Given entries —

● ● ● ● ●

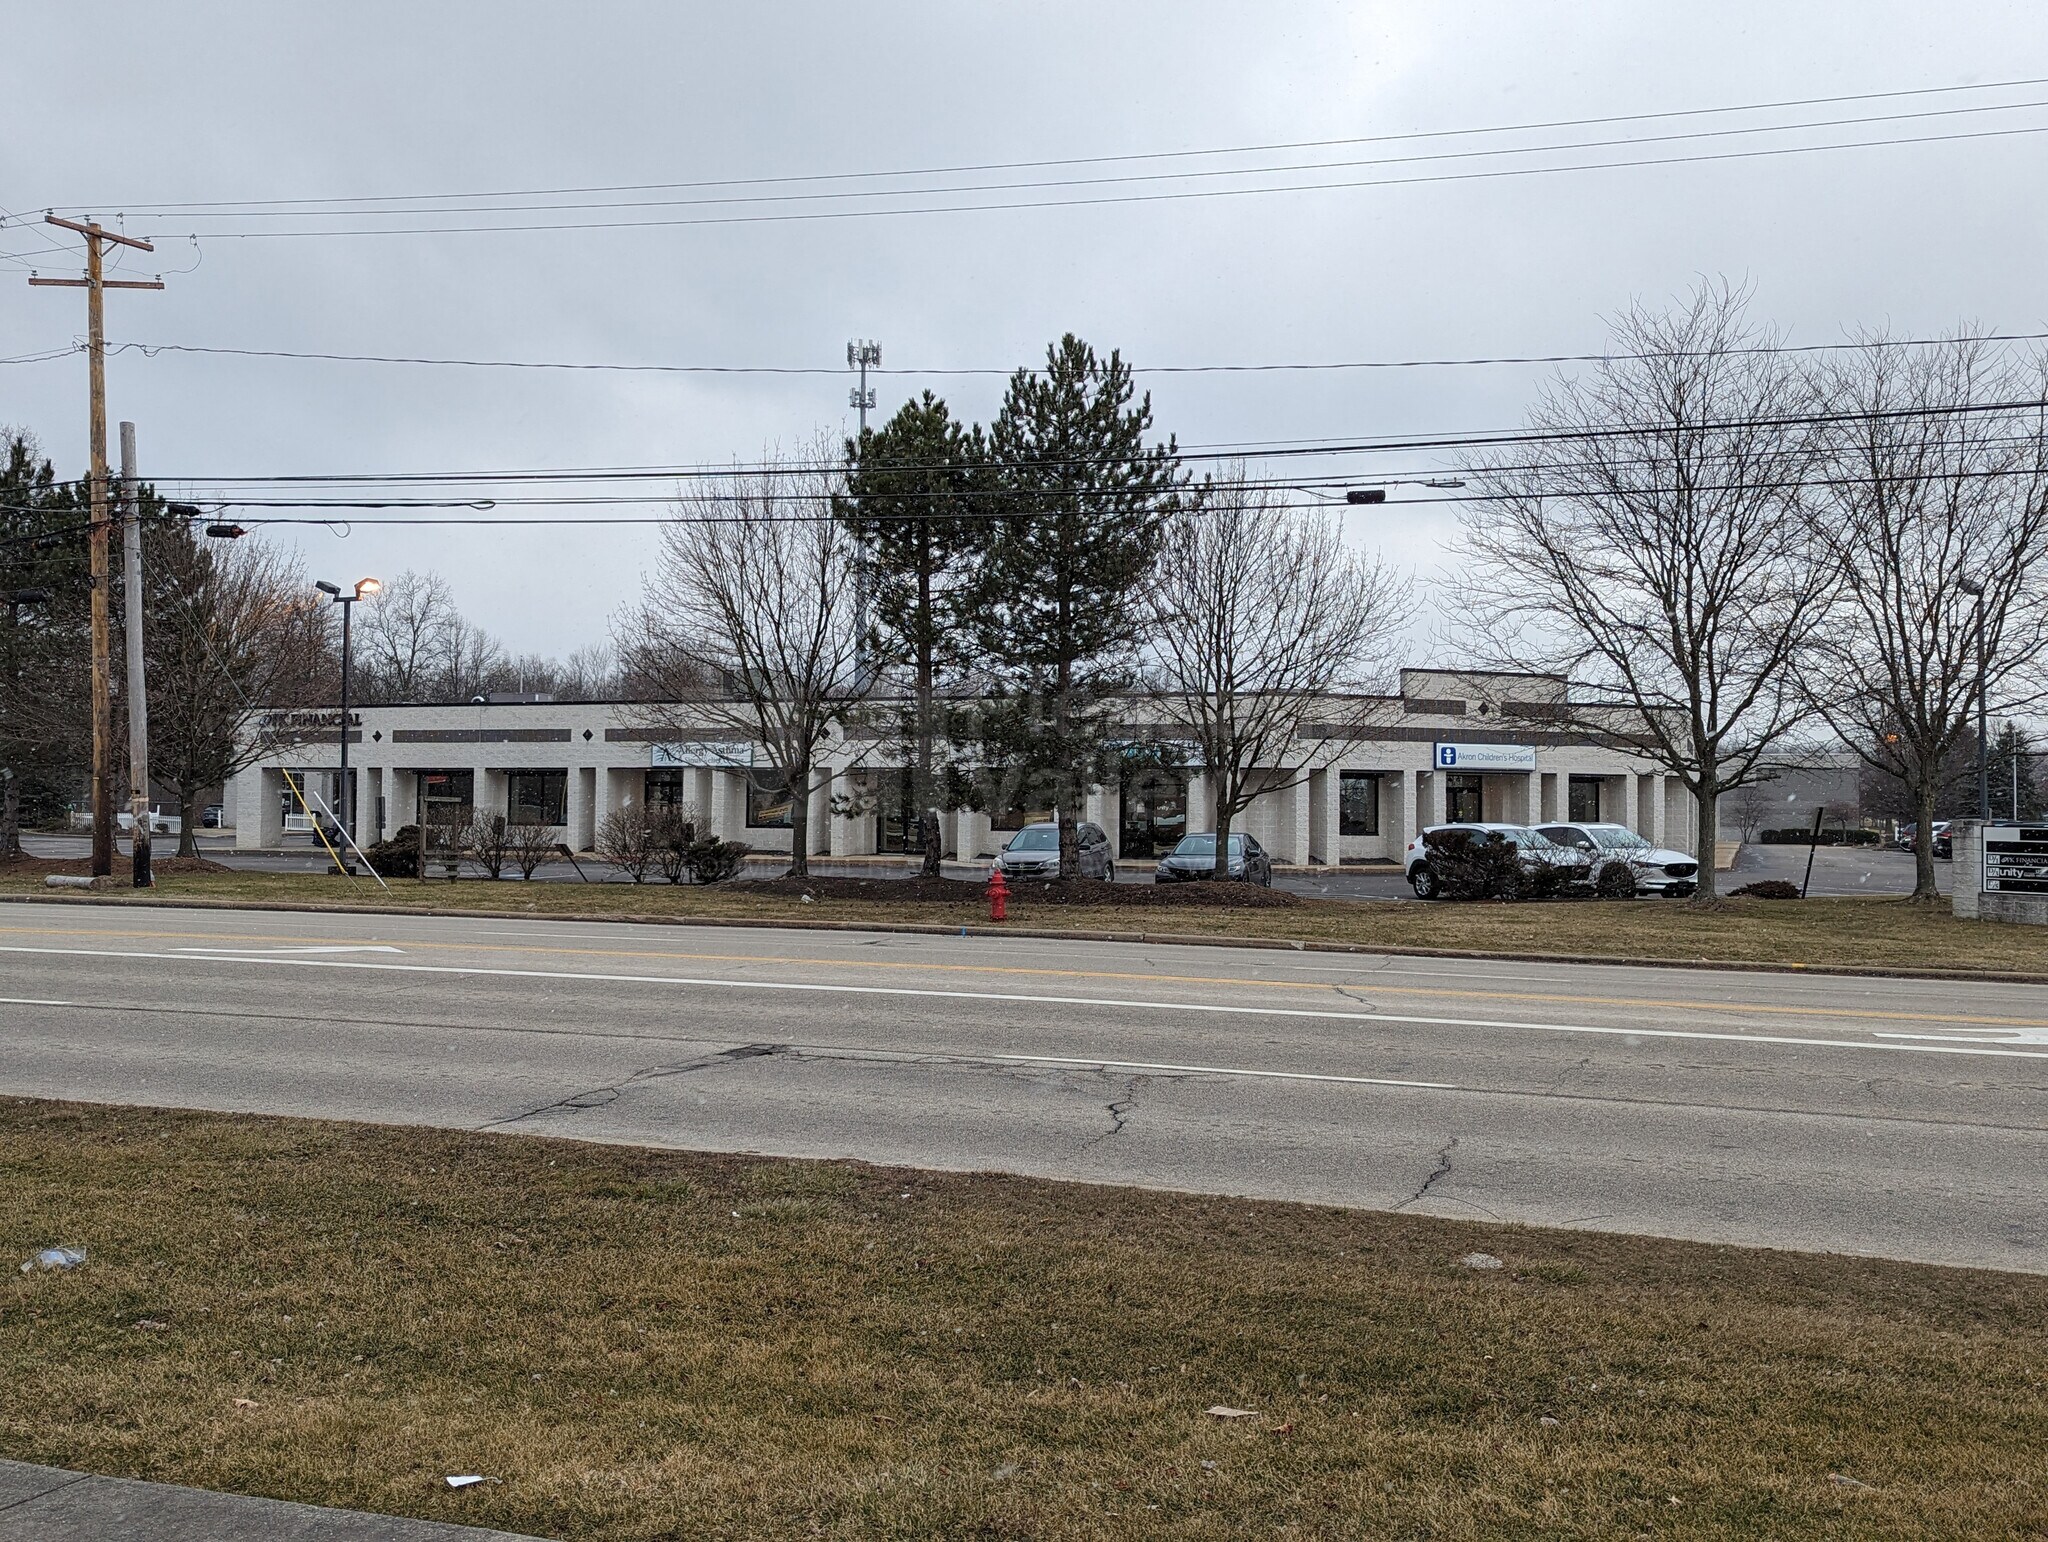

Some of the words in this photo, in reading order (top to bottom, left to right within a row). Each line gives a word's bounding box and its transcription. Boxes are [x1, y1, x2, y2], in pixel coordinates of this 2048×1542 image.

[290, 713, 362, 726] FINANCAL
[1457, 752, 1476, 761] Akron
[1477, 752, 1507, 762] Children's
[1508, 753, 1534, 763] Hospital
[1999, 868, 2024, 878] unity

● ● ● ● ●

Problem statement — Repeat each line of the material exactly, please, and skip every picture.

Solved problem —
Some of the words in this photo, in reading order (top to bottom, left to right within a row). Each line gives a word's bounding box and its transcription. Boxes are [x1, y1, x2, y2], in pixel coordinates of this 2048×1542 image.

[290, 713, 362, 726] FINANCAL
[1457, 752, 1476, 761] Akron
[1477, 752, 1507, 762] Children's
[1508, 753, 1534, 763] Hospital
[1999, 868, 2024, 878] unity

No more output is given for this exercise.